Records from a collection =>
____
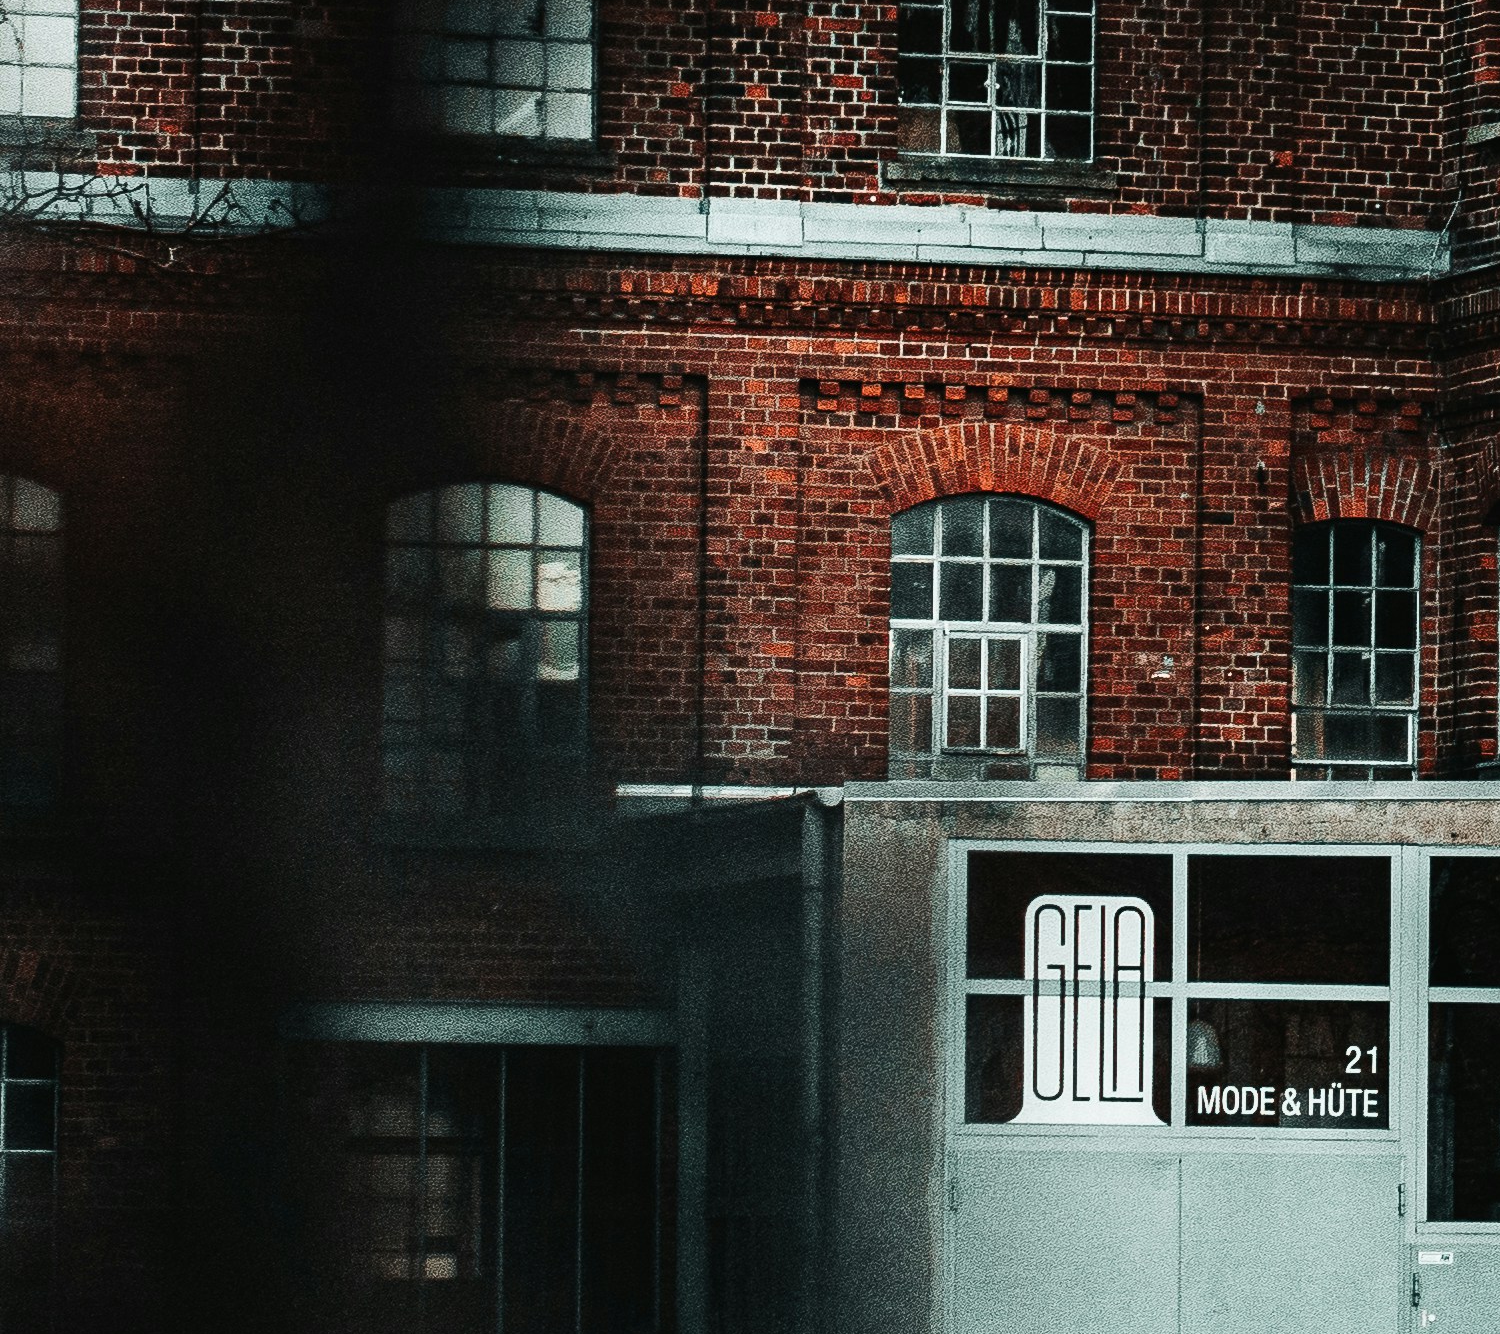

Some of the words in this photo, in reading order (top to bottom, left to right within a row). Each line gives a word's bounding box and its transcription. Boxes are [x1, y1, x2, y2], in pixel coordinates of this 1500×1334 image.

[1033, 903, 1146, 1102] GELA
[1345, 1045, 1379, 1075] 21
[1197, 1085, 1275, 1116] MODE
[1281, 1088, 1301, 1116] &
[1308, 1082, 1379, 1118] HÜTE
____
Directions for this task => Retype the records verbatim, but not their images.

Problem solution =>
Some of the words in this photo, in reading order (top to bottom, left to right within a row). Each line gives a word's bounding box and its transcription. Boxes are [x1, y1, x2, y2], in pixel coordinates of this 1500×1334 image.

[1033, 903, 1146, 1102] GELA
[1345, 1045, 1379, 1075] 21
[1197, 1085, 1275, 1116] MODE
[1281, 1088, 1301, 1116] &
[1308, 1082, 1379, 1118] HÜTE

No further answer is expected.